The murder of Annie Le occurred on September 8, 2009, while she was working in the New Haven, Connecticut campus of Yale University. Annie Marie Thu Le (July 3, 1985 – September 8, 2009) was a 24-year-old doctoral student at the Yale School of Medicine's Department of Pharmacology. She was last seen in a research building on the New Haven campus on September 8. On September 13, the day that she was to be married, she was found dead inside the building.

On September 17, police arrested the perpetrator, Raymond J. Clark III, a Yale laboratory technician who worked in the building. Clark pleaded guilty to the murder on March 17, 2011. Clark was sentenced to 44 years imprisonment on June 3. The case generated frenetic media coverage.

Disappearance and death 

On the morning of September 8, Le left her apartment and took Yale Transit to the Sterling Hall of Medicine on the Yale campus. At about 10 a.m., she walked from Sterling Hall to another campus building at 10 Amistad Street, where her research laboratory was located. Le had left her purse, cell phone, credit cards, and cash in her office at Sterling Hall. She entered the Amistad Street building just after 10 a.m., as documented on footage from the building's security cameras. Le was never seen leaving the building. At approximately 9 p.m. on the evening of September 8, when Le had still not returned to her home, one of her five housemates called police to report her missing.

Because the security footage did not show Le exiting the building at Amistad Street, police closed the whole building for investigation. Police also searched through refuse at the Hartford dump, where Yale's garbage is incinerated, looking for clues as to Le's whereabouts. The FBI, the New Haven Police Department and the Connecticut State Police were all involved in the search.

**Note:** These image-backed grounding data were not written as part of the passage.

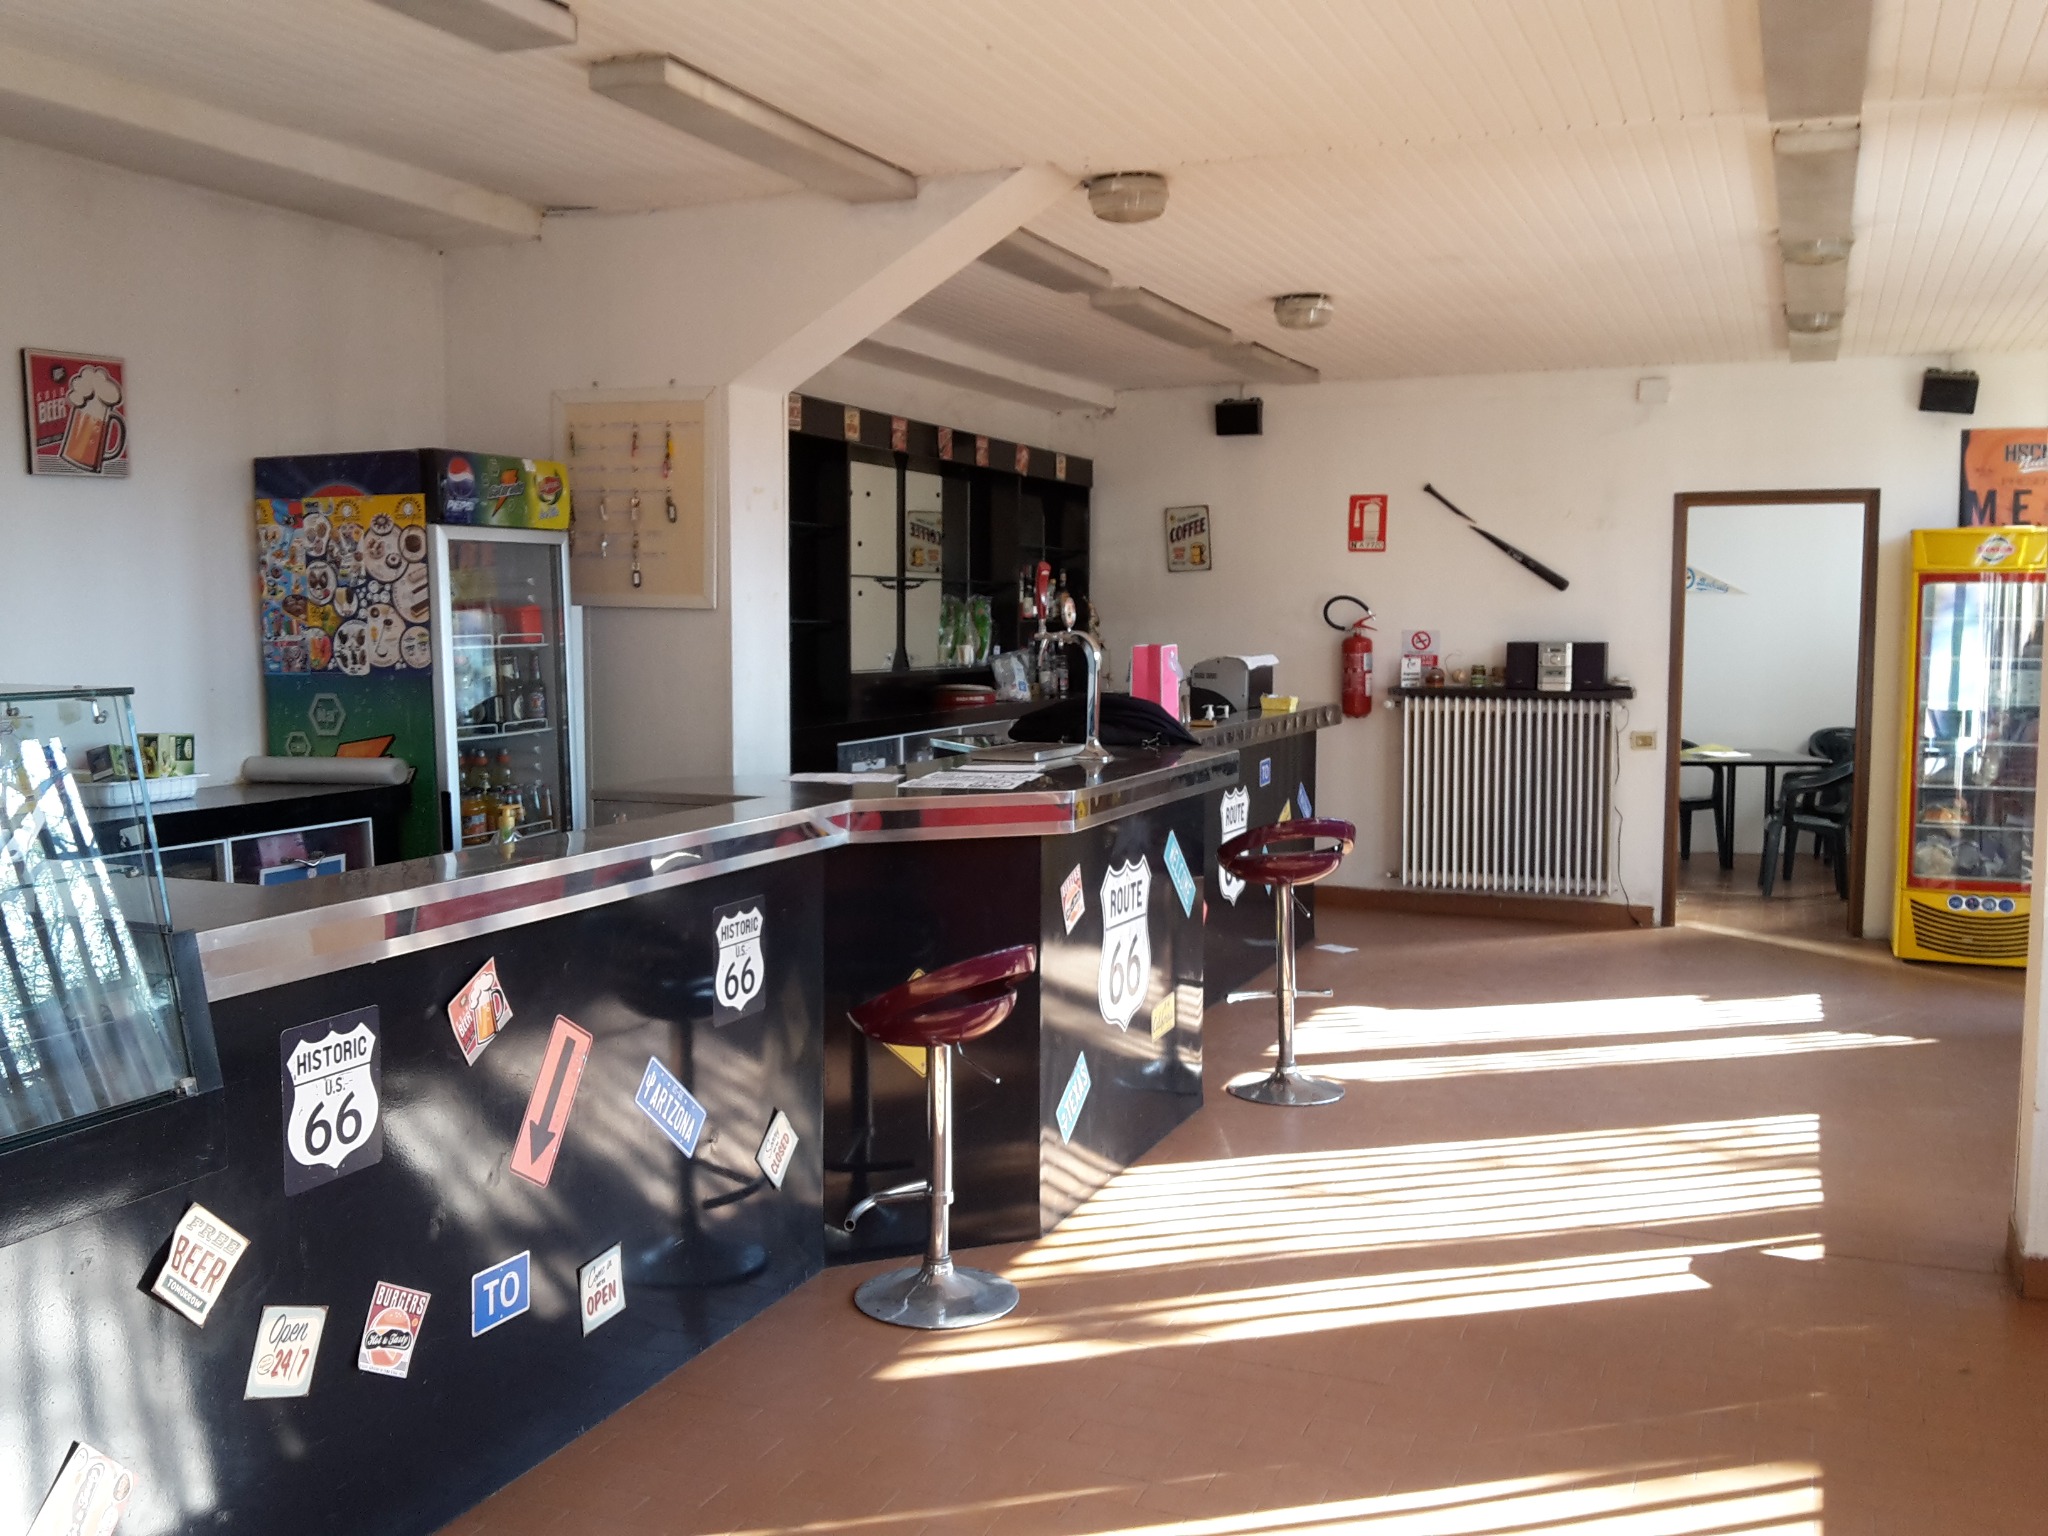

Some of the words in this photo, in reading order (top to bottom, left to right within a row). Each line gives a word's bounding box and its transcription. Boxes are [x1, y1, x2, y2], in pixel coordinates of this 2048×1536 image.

[39, 399, 67, 423] BEER
[1170, 517, 1205, 543] COFFEE
[1225, 802, 1245, 827] ROUTE
[1110, 879, 1143, 918] ROUTE
[721, 916, 759, 941] HISTORIC
[725, 956, 755, 1000] 66
[1109, 933, 1141, 1005] 66
[458, 1012, 473, 1038] BEER
[297, 1036, 367, 1076] HISTORIC
[325, 1077, 346, 1096] U.S.
[1064, 1064, 1088, 1122] TEXAS
[305, 1091, 362, 1156] 66
[650, 1083, 696, 1143] ARIZONA
[771, 1133, 790, 1175] CLOSED
[186, 1215, 241, 1257] FREE
[171, 1234, 227, 1294] BEER
[167, 1278, 203, 1310] TOMORROW
[376, 1285, 427, 1315] BURGERS
[483, 1271, 520, 1316] TO
[587, 1279, 617, 1317] OPEN
[269, 1313, 309, 1353] Open
[270, 1345, 310, 1381] 24/7
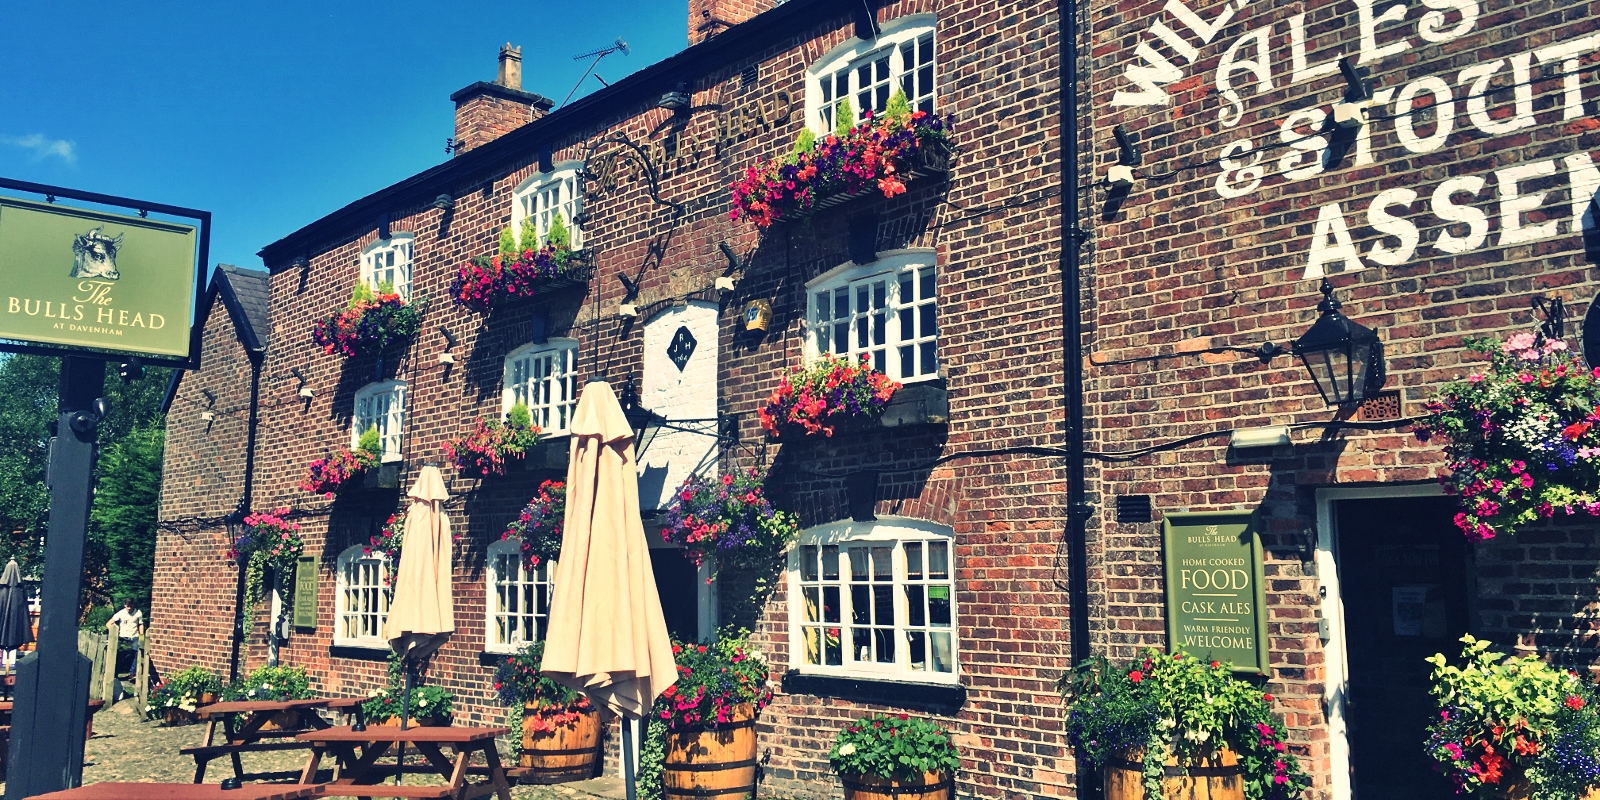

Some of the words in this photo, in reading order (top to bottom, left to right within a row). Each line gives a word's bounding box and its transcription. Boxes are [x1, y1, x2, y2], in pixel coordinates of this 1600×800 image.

On Sunday, September 13, her planned wedding date, authorities discovered Le's body in a cable chase inside the wall of a basement laboratory in the Amistad Street building. Bloody clothes had previously been found above a ceiling tile in the same building, which is monitored by about 75 security cameras. The entrance and the rooms inside the building require Yale identification cards to be opened and accessed. The basement where Le's body was found houses animals that are used for experiments and research. Due to the high security measures in the building, authorities and Yale officials maintained that it would be extremely difficult for someone without a Yale ID card to enter the basement laboratory, leading them to focus their investigation on Yale employees and students.

The Connecticut medical examiner's autopsy found that Le's death was a result of "traumatic asphyxia due to neck compression". On September 17 police arrested Raymond Clark, a 24-year-old laboratory technician who had been working in the same building. The previous day he was taken into custody after police obtained a warrant to collect his DNA; he was released after providing a sample.

Memorials were held in California and Huntington, New York, and the funeral was broadcast live on the Internet. The Yale community also publicly mourned Le's death. The Yale Daily News reported that professor and Cold War historian John Lewis Gaddis called September 14 the "saddest day to open class" since the day after the 9/11 attacks.

Personal life 

Le was born in San Jose, California to a Vietnamese-American family. She spent her childhood with her aunt and uncle. She was valedictorian of her graduating class at Union Mine High School in El Dorado, California, and voted "most likely to be the next Einstein". After earning approximately $160,000 in scholarship money, she attended and graduated from the University of Rochester in New York. Her major was cell developmental biology with a minor in medical anthropology.

Le was accepted into a graduate program at Yale that would have led to her earning a doctorate in pharmacology. Her research had applications in the treatment of diabetes and certain forms of cancer. She was due to be married on September 13, 2009, in Syosset, New York to Jonathan Widawsky, a graduate student in applied physics and mathematics at Columbia University.

She had previously written an article for Yale Medical School's B Magazine titled "Crime and Safety in New Haven", published in February 2009.

Media coverage 

The case of Annie Le generated frenetic media coverage, with a news producer trampled in a rush to a briefing. In the wake of her disappearance and murder, there was a backlash in some circles to the extensive media coverage and while most acknowledged the crime was especially heartbreaking, some questioned whether the level of interest was warranted.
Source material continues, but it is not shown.